Stored items:
══════
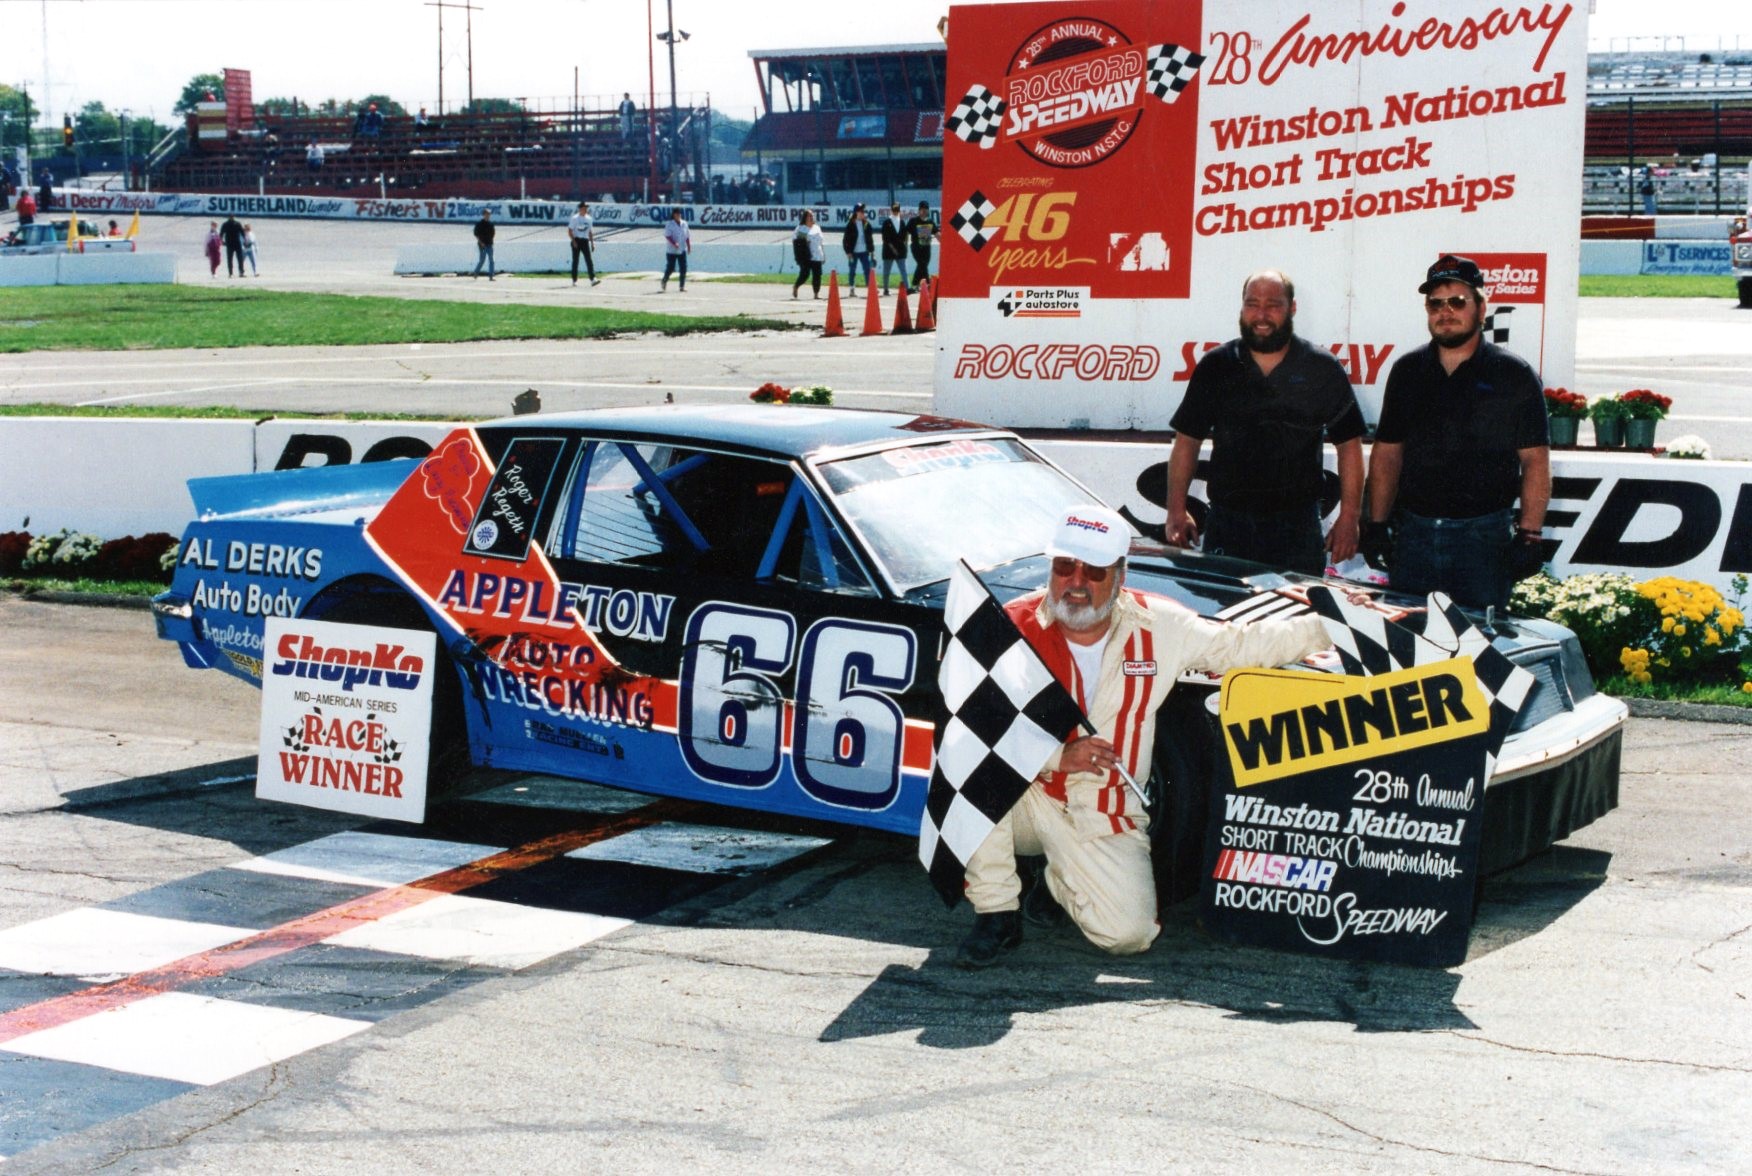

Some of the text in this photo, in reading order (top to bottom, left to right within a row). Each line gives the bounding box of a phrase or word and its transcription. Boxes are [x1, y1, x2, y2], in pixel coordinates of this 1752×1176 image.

[1050, 23, 1104, 42] ANNUAL
[1009, 50, 1143, 107] ROCKFORD
[1006, 76, 1142, 137] SPEEDWAY
[1210, 72, 1567, 151] Winston National
[1034, 140, 1092, 164] WINSTON
[1201, 136, 1433, 196] Short Track
[71, 194, 113, 208] Deery
[996, 177, 1055, 189] CELEBRATING
[207, 196, 307, 213] SUTHERLAND
[355, 199, 421, 219] Fisher's
[508, 204, 556, 220] WLUV
[700, 206, 754, 224] Erickson
[756, 208, 787, 222] AUTO
[981, 192, 1077, 242] 46
[1195, 174, 1516, 237] Championships
[988, 246, 1097, 284] years
[1479, 263, 1539, 283] nston
[1679, 247, 1731, 261] SERVICES
[1025, 300, 1079, 309] autostore
[1026, 289, 1080, 299] Parts Plus
[1495, 283, 1537, 294] Series
[954, 344, 1161, 381] ROCKFORD
[504, 464, 533, 504] Roger
[492, 486, 525, 534] Regeth
[1065, 515, 1109, 534] ShopKo
[182, 537, 323, 579] AL DERKS
[193, 579, 302, 618] Auto Body
[437, 569, 676, 643] APPLETON
[272, 633, 424, 692] ShopKo
[498, 634, 595, 677] AUTO
[294, 691, 398, 713] MID-AMERICAN SERIES
[474, 662, 655, 732] WRECKING
[677, 600, 918, 813] 66
[303, 713, 385, 754] RACE
[1227, 672, 1474, 771] WINNER
[279, 751, 404, 798] WINNER
[1352, 769, 1409, 803] 28th
[1225, 794, 1466, 846] Winston National
[1221, 825, 1463, 882] SHORT TRACK Championships
[1228, 852, 1338, 892] NASCAR
[1215, 882, 1331, 918] ROCKFORD
══════
Problem details
Each line of the data must be restated exactly, and the pictures must be left out.

Finished exercise
Some of the text in this photo, in reading order (top to bottom, left to right within a row). Each line gives the bounding box of a phrase or word and its transcription. Boxes are [x1, y1, x2, y2], in pixel coordinates of this 1752×1176 image.

[1050, 23, 1104, 42] ANNUAL
[1009, 50, 1143, 107] ROCKFORD
[1006, 76, 1142, 137] SPEEDWAY
[1210, 72, 1567, 151] Winston National
[1034, 140, 1092, 164] WINSTON
[1201, 136, 1433, 196] Short Track
[71, 194, 113, 208] Deery
[996, 177, 1055, 189] CELEBRATING
[207, 196, 307, 213] SUTHERLAND
[355, 199, 421, 219] Fisher's
[508, 204, 556, 220] WLUV
[700, 206, 754, 224] Erickson
[756, 208, 787, 222] AUTO
[981, 192, 1077, 242] 46
[1195, 174, 1516, 237] Championships
[988, 246, 1097, 284] years
[1479, 263, 1539, 283] nston
[1679, 247, 1731, 261] SERVICES
[1025, 300, 1079, 309] autostore
[1026, 289, 1080, 299] Parts Plus
[1495, 283, 1537, 294] Series
[954, 344, 1161, 381] ROCKFORD
[504, 464, 533, 504] Roger
[492, 486, 525, 534] Regeth
[1065, 515, 1109, 534] ShopKo
[182, 537, 323, 579] AL DERKS
[193, 579, 302, 618] Auto Body
[437, 569, 676, 643] APPLETON
[272, 633, 424, 692] ShopKo
[498, 634, 595, 677] AUTO
[294, 691, 398, 713] MID-AMERICAN SERIES
[474, 662, 655, 732] WRECKING
[677, 600, 918, 813] 66
[303, 713, 385, 754] RACE
[1227, 672, 1474, 771] WINNER
[279, 751, 404, 798] WINNER
[1352, 769, 1409, 803] 28th
[1225, 794, 1466, 846] Winston National
[1221, 825, 1463, 882] SHORT TRACK Championships
[1228, 852, 1338, 892] NASCAR
[1215, 882, 1331, 918] ROCKFORD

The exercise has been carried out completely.